■ Task goal
Write each record again exactly as it stands.

■ Excerpts from a dataset

--*--

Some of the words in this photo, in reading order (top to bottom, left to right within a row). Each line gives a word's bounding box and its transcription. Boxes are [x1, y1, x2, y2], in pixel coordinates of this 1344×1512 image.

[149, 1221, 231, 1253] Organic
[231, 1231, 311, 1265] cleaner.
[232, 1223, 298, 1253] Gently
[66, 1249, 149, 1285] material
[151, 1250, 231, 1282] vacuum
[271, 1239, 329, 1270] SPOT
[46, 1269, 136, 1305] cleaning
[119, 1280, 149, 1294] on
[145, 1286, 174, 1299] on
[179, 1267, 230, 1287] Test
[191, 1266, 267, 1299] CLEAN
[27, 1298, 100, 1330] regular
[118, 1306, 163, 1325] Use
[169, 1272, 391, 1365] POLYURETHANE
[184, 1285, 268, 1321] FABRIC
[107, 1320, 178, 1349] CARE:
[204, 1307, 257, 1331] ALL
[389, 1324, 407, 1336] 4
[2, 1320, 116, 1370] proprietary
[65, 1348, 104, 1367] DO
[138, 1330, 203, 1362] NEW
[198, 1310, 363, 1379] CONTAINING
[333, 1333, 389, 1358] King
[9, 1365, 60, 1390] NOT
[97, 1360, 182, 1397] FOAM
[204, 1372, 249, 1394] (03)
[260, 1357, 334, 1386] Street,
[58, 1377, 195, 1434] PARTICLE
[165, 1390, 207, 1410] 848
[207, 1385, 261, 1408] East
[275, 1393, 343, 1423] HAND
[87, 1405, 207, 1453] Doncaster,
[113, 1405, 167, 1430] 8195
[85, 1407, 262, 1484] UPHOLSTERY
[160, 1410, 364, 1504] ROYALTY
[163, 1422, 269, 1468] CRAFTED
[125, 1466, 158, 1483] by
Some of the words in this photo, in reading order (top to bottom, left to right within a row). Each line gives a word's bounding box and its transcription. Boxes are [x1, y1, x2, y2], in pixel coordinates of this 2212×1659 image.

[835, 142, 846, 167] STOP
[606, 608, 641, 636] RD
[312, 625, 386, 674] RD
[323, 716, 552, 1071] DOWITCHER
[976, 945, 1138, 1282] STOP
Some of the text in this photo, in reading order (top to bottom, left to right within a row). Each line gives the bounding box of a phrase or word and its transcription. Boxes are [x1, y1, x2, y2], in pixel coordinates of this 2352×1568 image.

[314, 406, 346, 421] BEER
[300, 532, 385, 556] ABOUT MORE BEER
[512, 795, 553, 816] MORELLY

--*--

■ Written solution
Some of the words in this photo, in reading order (top to bottom, left to right within a row). Each line gives a word's bounding box and its transcription. Boxes are [x1, y1, x2, y2], in pixel coordinates of this 1344×1512 image.

[149, 1221, 231, 1253] Organic
[231, 1231, 311, 1265] cleaner.
[232, 1223, 298, 1253] Gently
[66, 1249, 149, 1285] material
[151, 1250, 231, 1282] vacuum
[271, 1239, 329, 1270] SPOT
[46, 1269, 136, 1305] cleaning
[119, 1280, 149, 1294] on
[145, 1286, 174, 1299] on
[179, 1267, 230, 1287] Test
[191, 1266, 267, 1299] CLEAN
[27, 1298, 100, 1330] regular
[118, 1306, 163, 1325] Use
[169, 1272, 391, 1365] POLYURETHANE
[184, 1285, 268, 1321] FABRIC
[107, 1320, 178, 1349] CARE:
[204, 1307, 257, 1331] ALL
[389, 1324, 407, 1336] 4
[2, 1320, 116, 1370] proprietary
[65, 1348, 104, 1367] DO
[138, 1330, 203, 1362] NEW
[198, 1310, 363, 1379] CONTAINING
[333, 1333, 389, 1358] King
[9, 1365, 60, 1390] NOT
[97, 1360, 182, 1397] FOAM
[204, 1372, 249, 1394] (03)
[260, 1357, 334, 1386] Street,
[58, 1377, 195, 1434] PARTICLE
[165, 1390, 207, 1410] 848
[207, 1385, 261, 1408] East
[275, 1393, 343, 1423] HAND
[87, 1405, 207, 1453] Doncaster,
[113, 1405, 167, 1430] 8195
[85, 1407, 262, 1484] UPHOLSTERY
[160, 1410, 364, 1504] ROYALTY
[163, 1422, 269, 1468] CRAFTED
[125, 1466, 158, 1483] by
Some of the words in this photo, in reading order (top to bottom, left to right within a row). Each line gives a word's bounding box and its transcription. Boxes are [x1, y1, x2, y2], in pixel coordinates of this 2212×1659 image.

[835, 142, 846, 167] STOP
[606, 608, 641, 636] RD
[312, 625, 386, 674] RD
[323, 716, 552, 1071] DOWITCHER
[976, 945, 1138, 1282] STOP
Some of the text in this photo, in reading order (top to bottom, left to right within a row). Each line gives the bounding box of a phrase or word and its transcription. Boxes are [x1, y1, x2, y2], in pixel coordinates of this 2352×1568 image.

[314, 406, 346, 421] BEER
[300, 532, 385, 556] ABOUT MORE BEER
[512, 795, 553, 816] MORELLY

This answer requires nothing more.